12 Temmuz 2015

Başkanın görme cesareti


Şerif Erginbay; Devrim Yılları, 50x70, Digital Art



BAŞKANIN GÖRME CESARETİ*


Yüreğinin sıkıştığını hissetti yine. Elini göğsüne koydu, bastırdı.. İçini dinledi biraz.. Neler oluyordu? Beslenmeyle ilgili olamazdı. Hep dikkatliydi. Spor yapmayı da severdi, pek aksatmazdı.
İnce kumlu sahilde, dalgaların yıkayıp durduğu kıyı boyunca yürümeye başladı. Çıplak ayaklarıyla ıslak kumda izler bırakarak. Başında şapkası, güneş gözlüğü..
Bungalovlardaki konuklarına baktı. Cep telefonunu kapatmayı düşündü birkaç kez, ama yapamadı. Önemli bir telefon bekliyordu.. İkindi güneşi dağlara değmeden çözülmesi gereken epey sorun vardı.


* * *
Üç yıl önce, bir gece sabaha dek çalışmaları gerekmişti. Sabahın ilk saatleri yaklaşırken dinlenmek üzere arkadaşının deniz kıyısındaki evine gittiler. Nisan sonuydu.
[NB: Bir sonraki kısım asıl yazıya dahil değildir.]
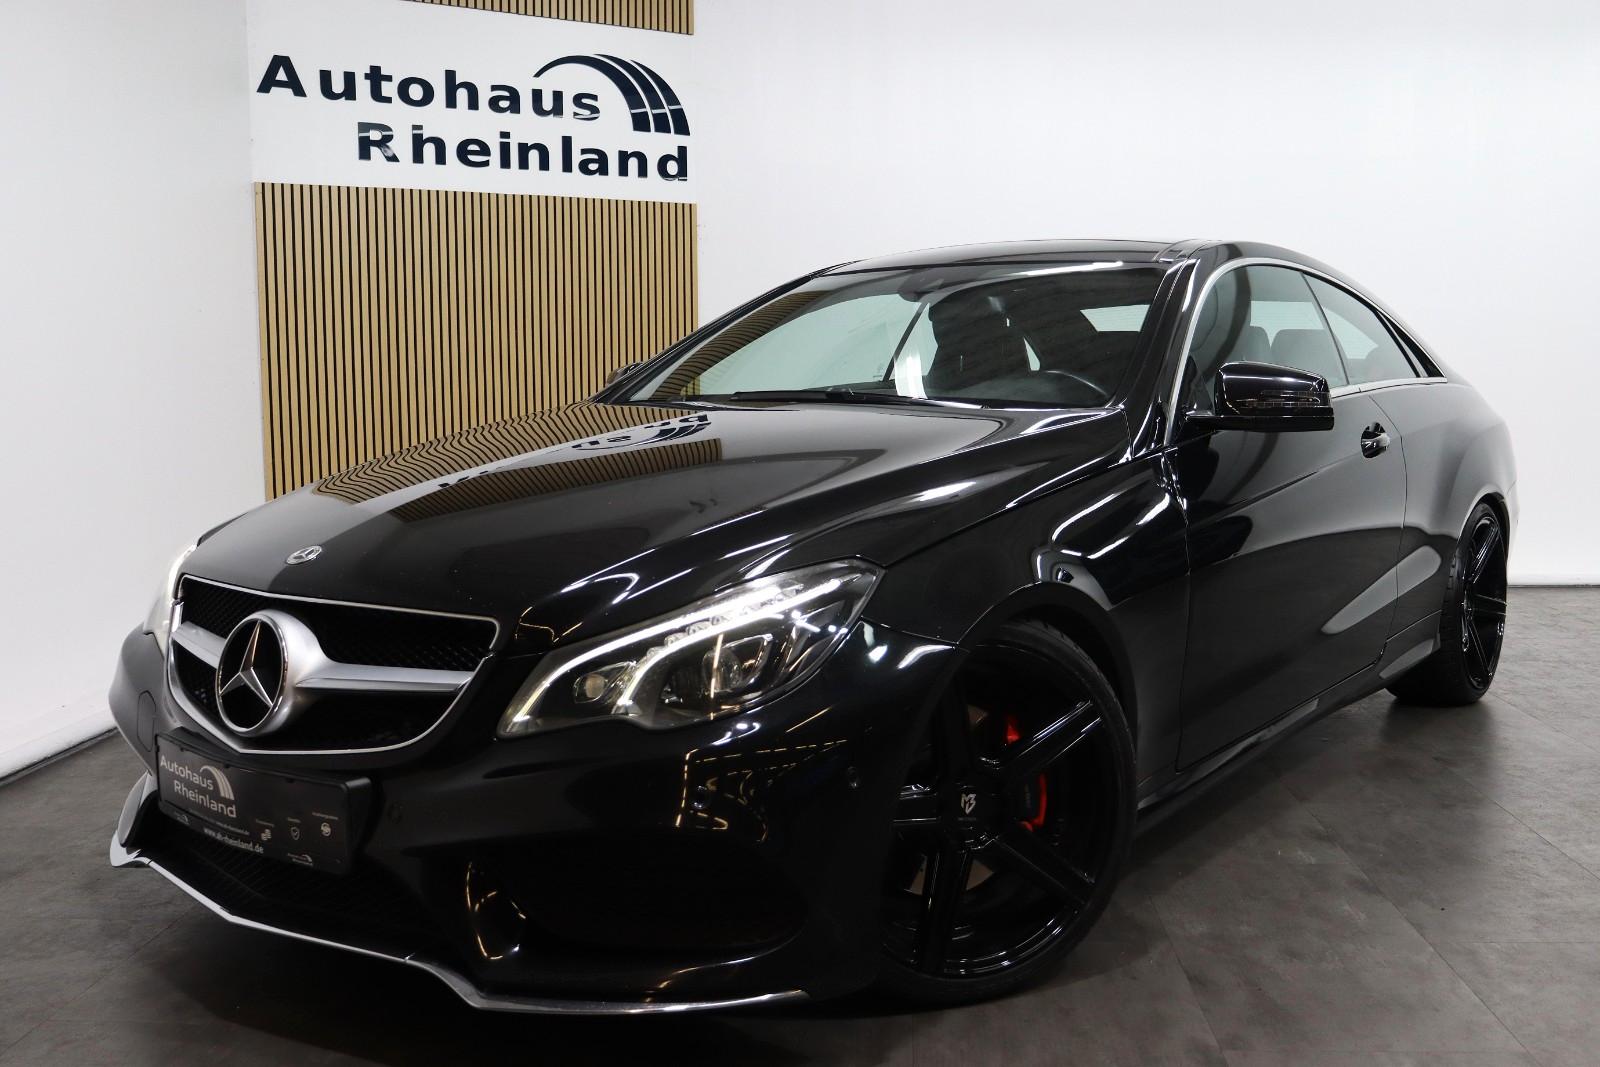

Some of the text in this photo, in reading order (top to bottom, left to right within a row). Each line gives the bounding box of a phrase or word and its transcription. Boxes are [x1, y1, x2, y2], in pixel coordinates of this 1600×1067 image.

Günün ilk ağartısıyla cam gibi parlamaya başlayan deniz onu çağırıyordu.
Kıyıya indi, soyundu... Dalgaların kucağında bütün yorgunluğu neredeyse akıp sulara karışmıştı. Denizin verdiği serinliğin, dalgaların fısıltısının zihnini de arıtıp durulttuğunu hissetti.
Yüzüstü yatıp biraz uyudu. Omuzlarında hissettiği bir sıcaklıkla uyandı. Gözlerini hafifçe açtı. Burnunun dibindeki kumları gördü önce.. Birkaç saniyede nerede olduğunu anımsadı, gülümsedi..
Tuhaf bir duyguyla, eğer geriye dönüp doğuya, ufka bakarsa göreceği manzaranın yaşamını alt üst edeceğini hissetti. Tedirgin oldu.. Eğer görmezden gelebilirse yaşam daha kolay, sorunsuz, dertsiz, tasasız geçip gidebilirdi.
Arkadaşının sıklıkla yinelediği bir söz kulaklarında uğuldadı: 'Doğruları hep bildim. Ne yazık ki yapamadım. Çünkü çok zordu'.
Bakıp da görmemek mümkündü. En çok yapılan şey buydu zaten. Güneşi (gerçeği) görme cesaretim var mı, diye düşündü.. Bakmakla yetinmeli miyim yoksa?
Döndü.. İrkildi.. Bütün tüyleri diken diken oldu..
Nar içi gibi yanan bulutların kocaman yangınıyla tutuşmuştu deniz. Kıyıya, dağlara doğru büyüyordu yangın. Bu eşsiz, görkemli, tanrısal manzara, hiç kırpmadan baktığı gözlerinden içeriye, ruhuna akıyordu sanki. Her türlü etiketten, giysiden, rozetten mahrum bırakıyordu onu. Sadece ve sadece insan kalana dek soyunduğunu hissetti.
Sanki evren kocaman bir demirci dükkanıydı. Tanrı demirciydi. Güneş, ocağında akkor hale gelmiş yuvarlak, büyük bir demir kütlesi. Tanrıyı böyle düşünmek hoşuna gitti, gülümsedi; kendine yakın buldu.
Bu sabah yaşadığım şu birkaç dakika benim vicdanım olsun, diye düşündü. Başım her sıkıştığında, yolumu ne zaman kaybeder gibi olsam bu anı hatırlamalıyım diye söz verdi kendine.


* * *
Neredeyse üç yıl geçmişti.
İş, güç, sorumluluklar, gerekli gereksiz bir yığın koşuşturmacanın içinde geçmişti yıllar.
Yüreği sıkışıyordu. Eli göğsünde düşündü. En son ne zaman sabahları denize girdiğini, doğayla, tanrıyla, kendisiyle buluştuğu, görme cesareti gösterdiği o sabahı hatırladı.
Yüreğini neyin sıkıştırdığını biliyordu artık.
Yarın sabah tan ağarırken burada olmalıyım, dedi kendi kendine.
Olabilecek miydi? Çok istiyordu bunu.. Ama.. Kim bilir? Ah o görme cesareti..!


*Yazının başlığı Rollo May'in Yaratma Cesareti adlı kitabından esinlenmiştir.